**Work instructions**. Your copy should match the records exactly, apart from the pictures, which stay out.

**Data to use**.
________________________________________

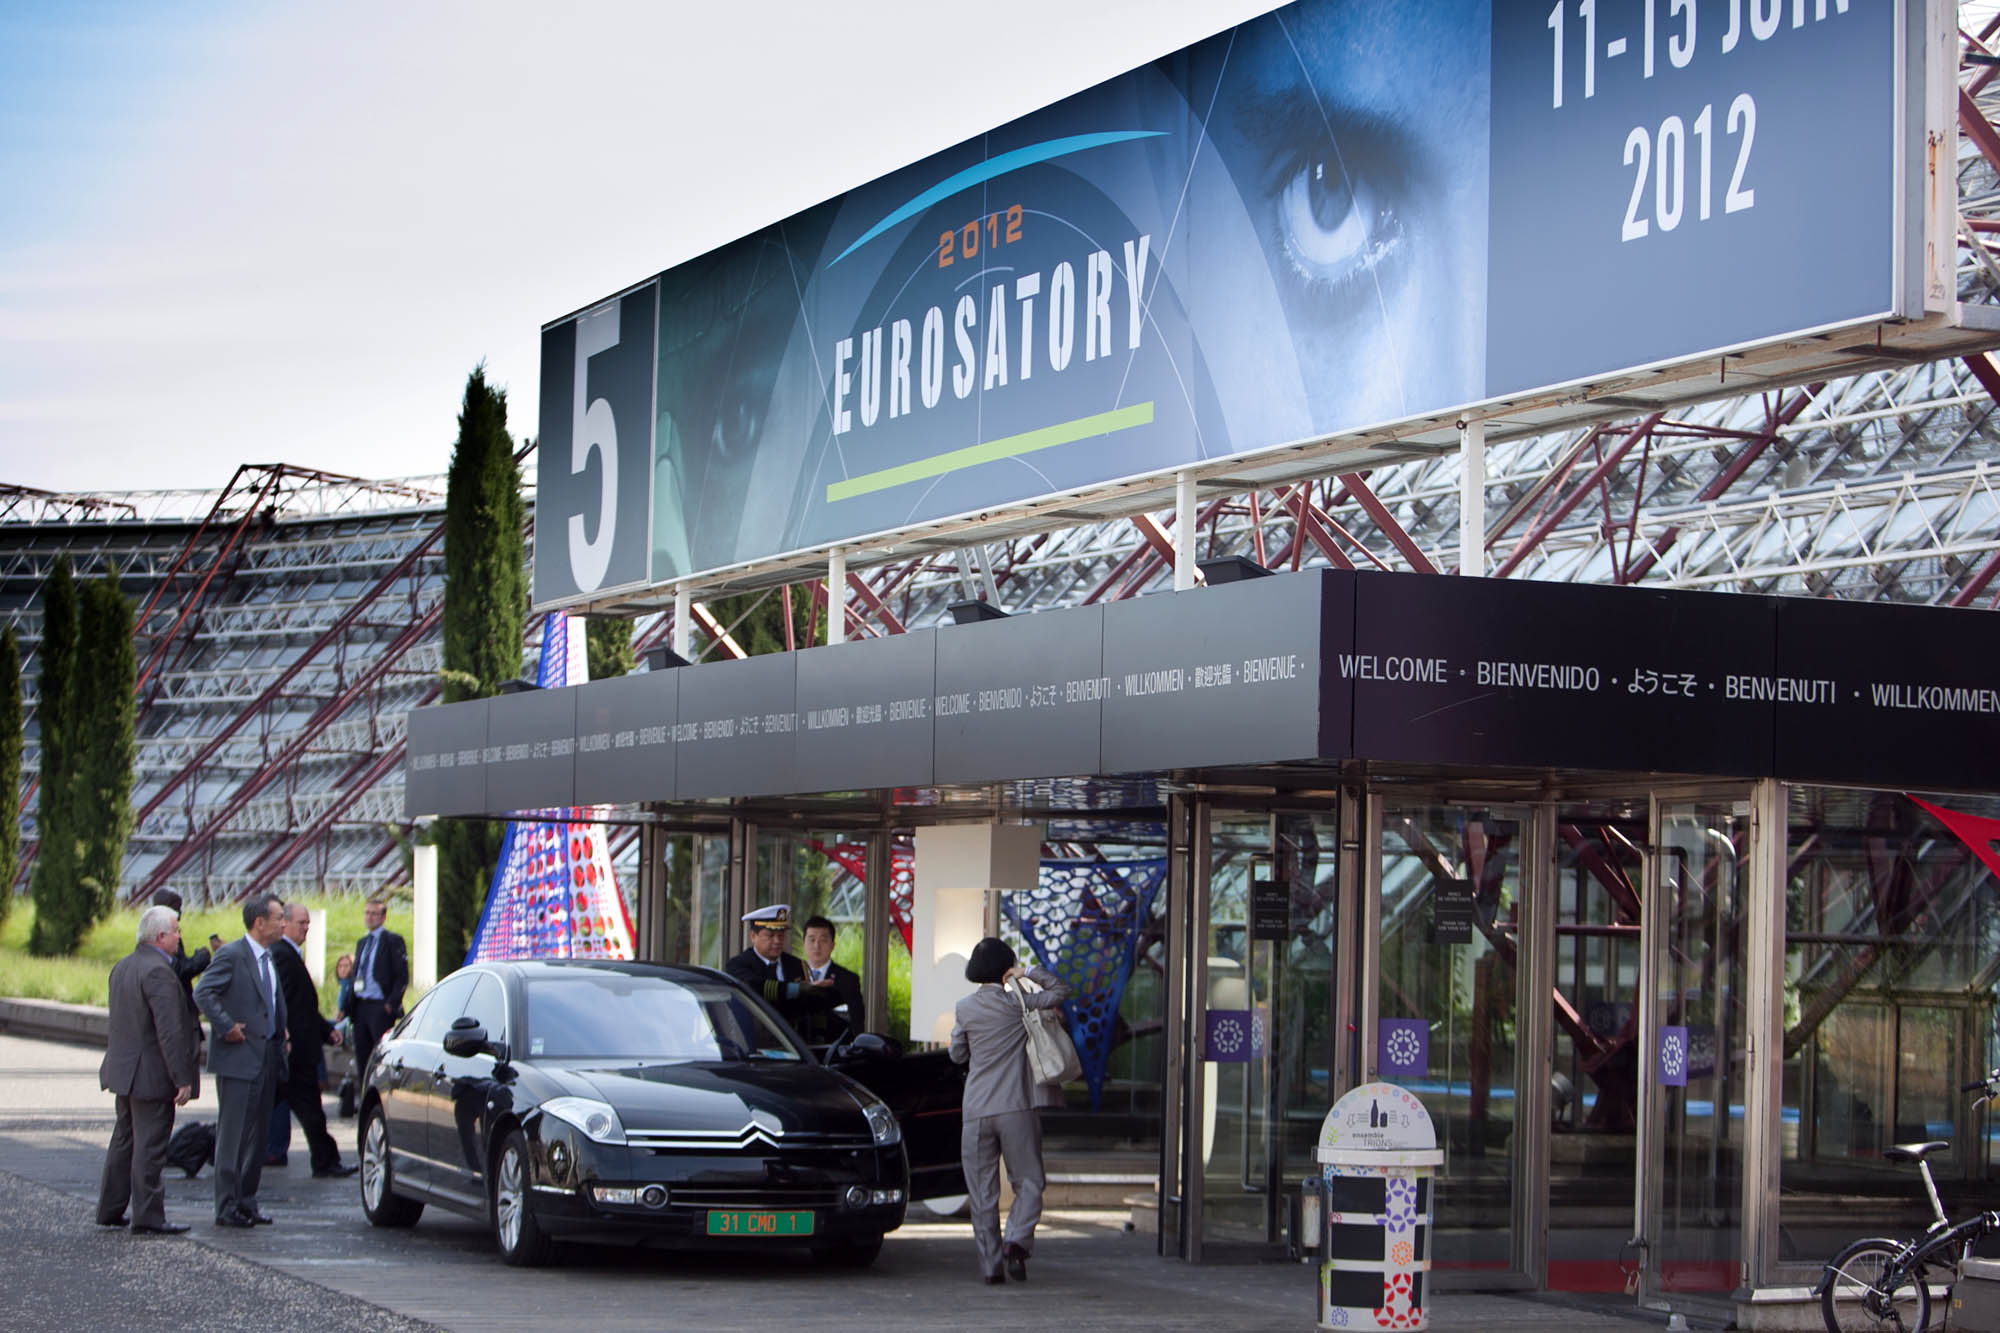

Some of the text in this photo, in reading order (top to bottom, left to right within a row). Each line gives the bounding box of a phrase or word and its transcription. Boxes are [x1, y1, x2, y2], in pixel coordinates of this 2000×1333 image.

[1547, 0, 1697, 109] 11-15
[1622, 93, 1756, 243] 2012
[938, 204, 1024, 268] 2012
[833, 234, 1151, 436] EUROSATORY
[568, 300, 621, 593] 5
[672, 723, 698, 742] WELCOME
[807, 707, 849, 730] WILLKOMMEN
[889, 698, 926, 721] BIENVENUE
[935, 693, 970, 716] WELCOME
[979, 688, 1022, 711] BIENVENIDO
[1030, 685, 1056, 707] ようこそ
[1066, 677, 1111, 703] BENVENUTI
[1125, 668, 1184, 696] WILLKOMMEN
[1243, 655, 1296, 683] BIENVENUE
[1339, 654, 2000, 712] WELCOME BIENVENIDO ようこそ BENVENUTI WILLKOMMEN
[720, 1214, 738, 1232] 31
[790, 1214, 796, 1232] 1
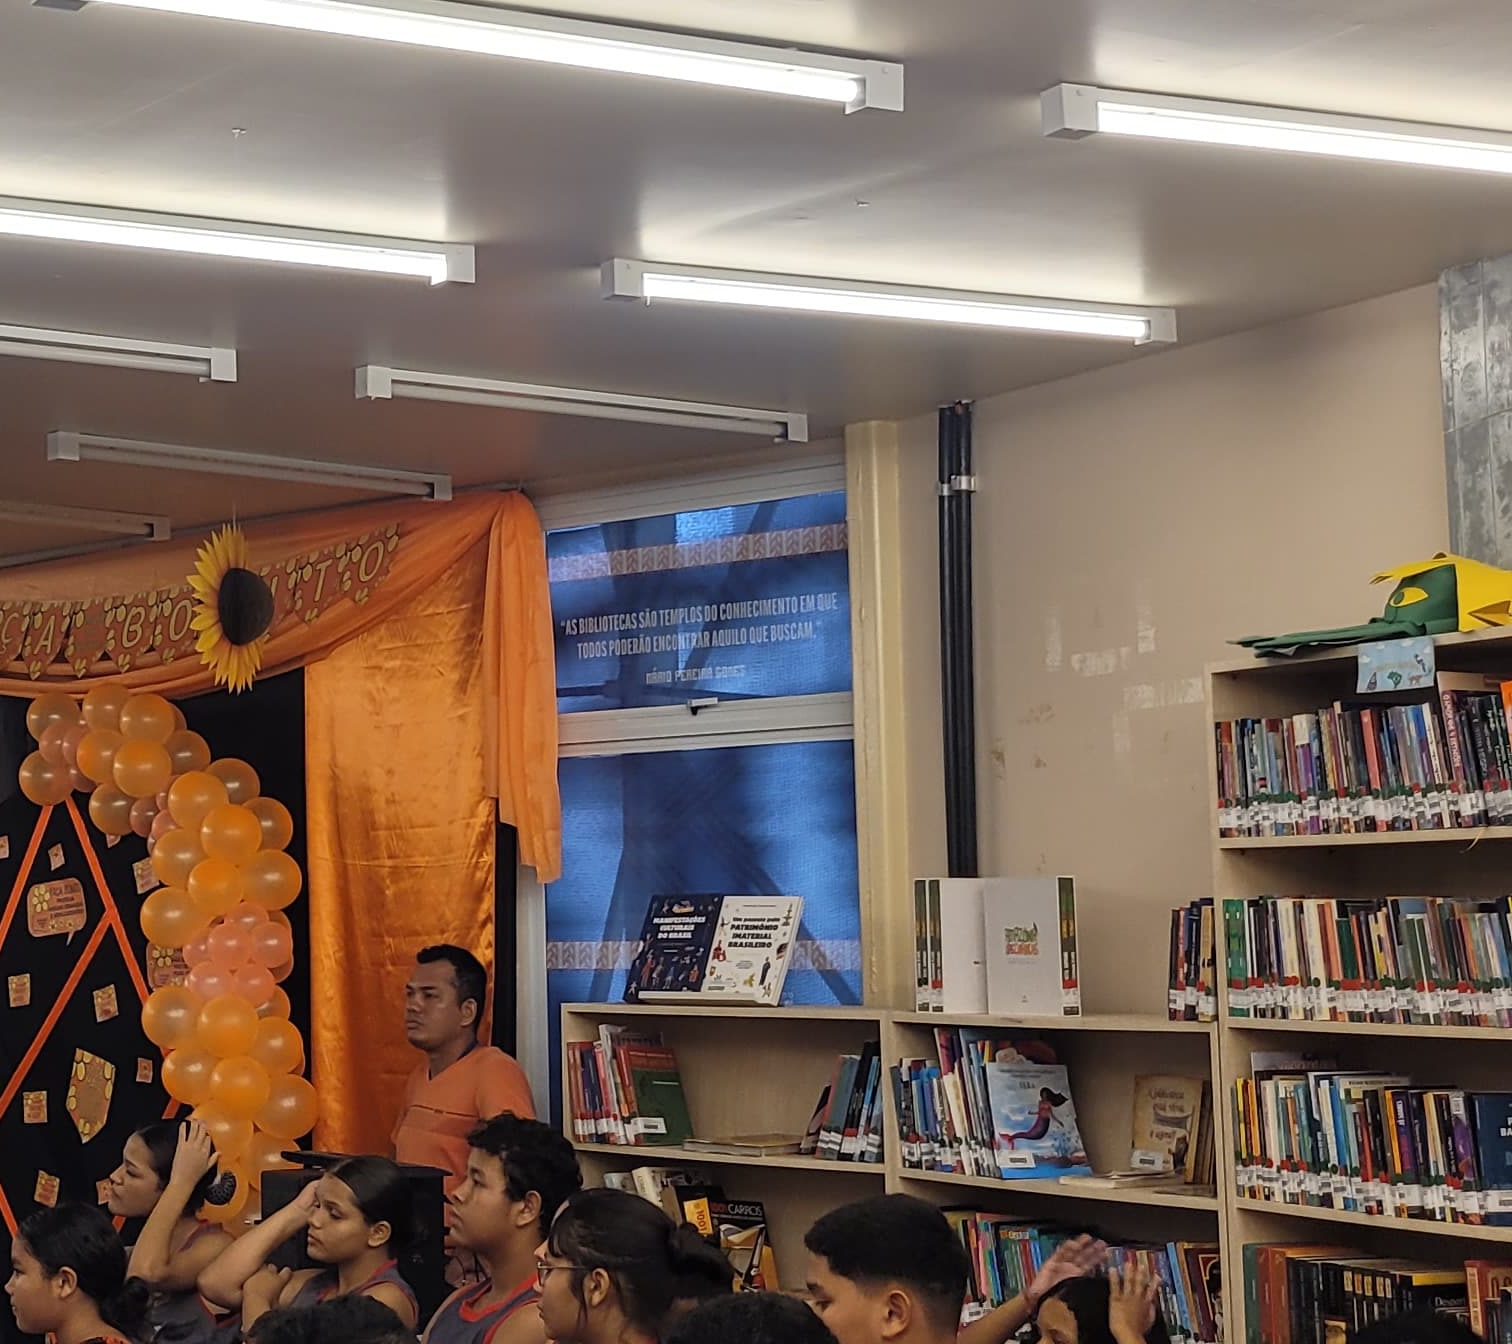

________________________________________

**Result for this exercise**.
Some of the text in this photo, in reading order (top to bottom, left to right within a row). Each line gives the bounding box of a phrase or word and its transcription. Boxes are [x1, y1, x2, y2], in pixel coordinates of this 2000×1333 image.

[1547, 0, 1697, 109] 11-15
[1622, 93, 1756, 243] 2012
[938, 204, 1024, 268] 2012
[833, 234, 1151, 436] EUROSATORY
[568, 300, 621, 593] 5
[672, 723, 698, 742] WELCOME
[807, 707, 849, 730] WILLKOMMEN
[889, 698, 926, 721] BIENVENUE
[935, 693, 970, 716] WELCOME
[979, 688, 1022, 711] BIENVENIDO
[1030, 685, 1056, 707] ようこそ
[1066, 677, 1111, 703] BENVENUTI
[1125, 668, 1184, 696] WILLKOMMEN
[1243, 655, 1296, 683] BIENVENUE
[1339, 654, 2000, 712] WELCOME BIENVENIDO ようこそ BENVENUTI WILLKOMMEN
[720, 1214, 738, 1232] 31
[790, 1214, 796, 1232] 1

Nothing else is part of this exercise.